• TASK STATEMENT: Copy the entries that appear below in full, leaving out any picture among them.

• DATA RECORDS:
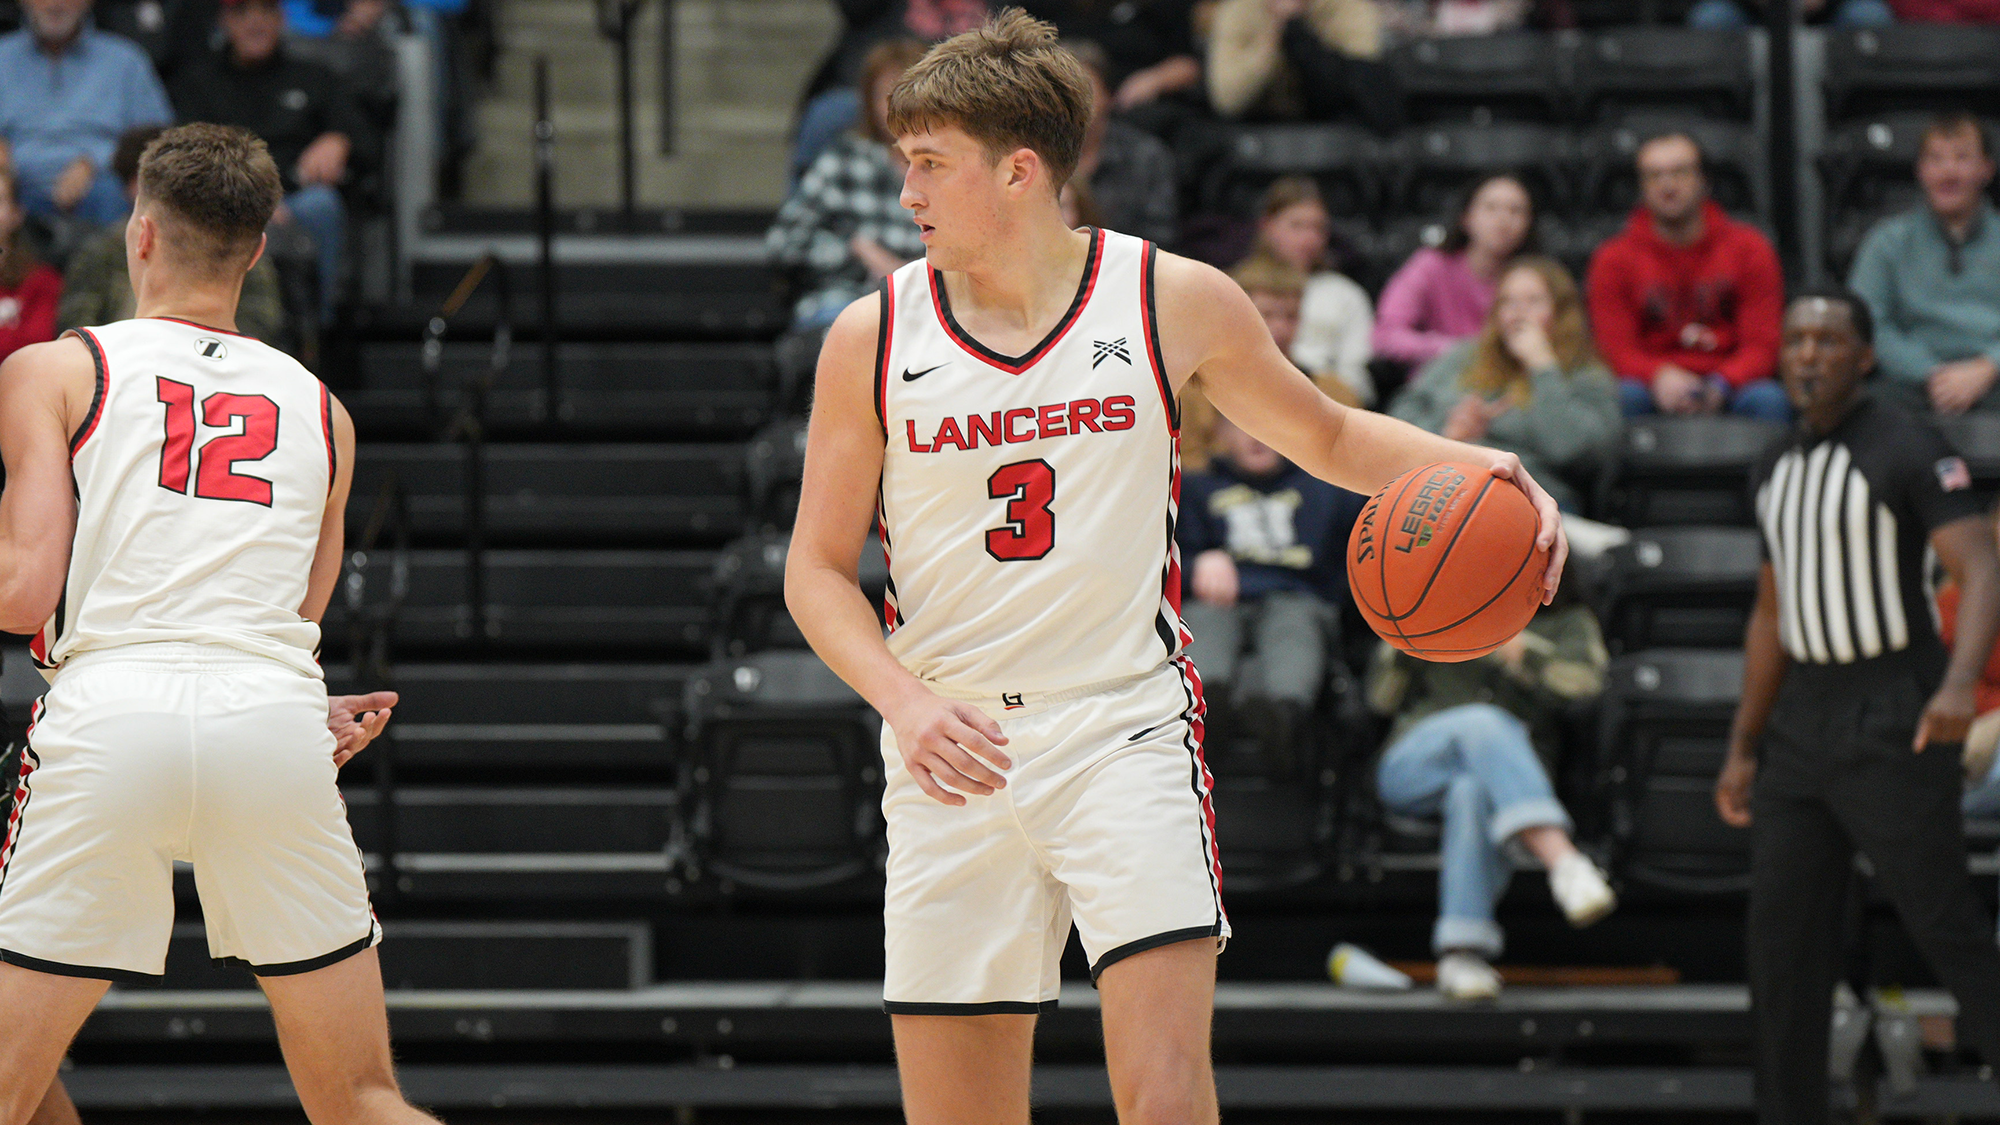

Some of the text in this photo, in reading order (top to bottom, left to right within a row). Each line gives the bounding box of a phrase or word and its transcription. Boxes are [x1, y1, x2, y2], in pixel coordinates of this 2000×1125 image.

[156, 375, 280, 508] 12
[906, 395, 1136, 453] LANCERS
[985, 458, 1056, 562] 3
[1395, 465, 1458, 554] LEGACY
[1427, 474, 1466, 523] 1000

• TASK RESULT:
Some of the text in this photo, in reading order (top to bottom, left to right within a row). Each line gives the bounding box of a phrase or word and its transcription. Boxes are [x1, y1, x2, y2], in pixel coordinates of this 2000×1125 image.

[156, 375, 280, 508] 12
[906, 395, 1136, 453] LANCERS
[985, 458, 1056, 562] 3
[1395, 465, 1458, 554] LEGACY
[1427, 474, 1466, 523] 1000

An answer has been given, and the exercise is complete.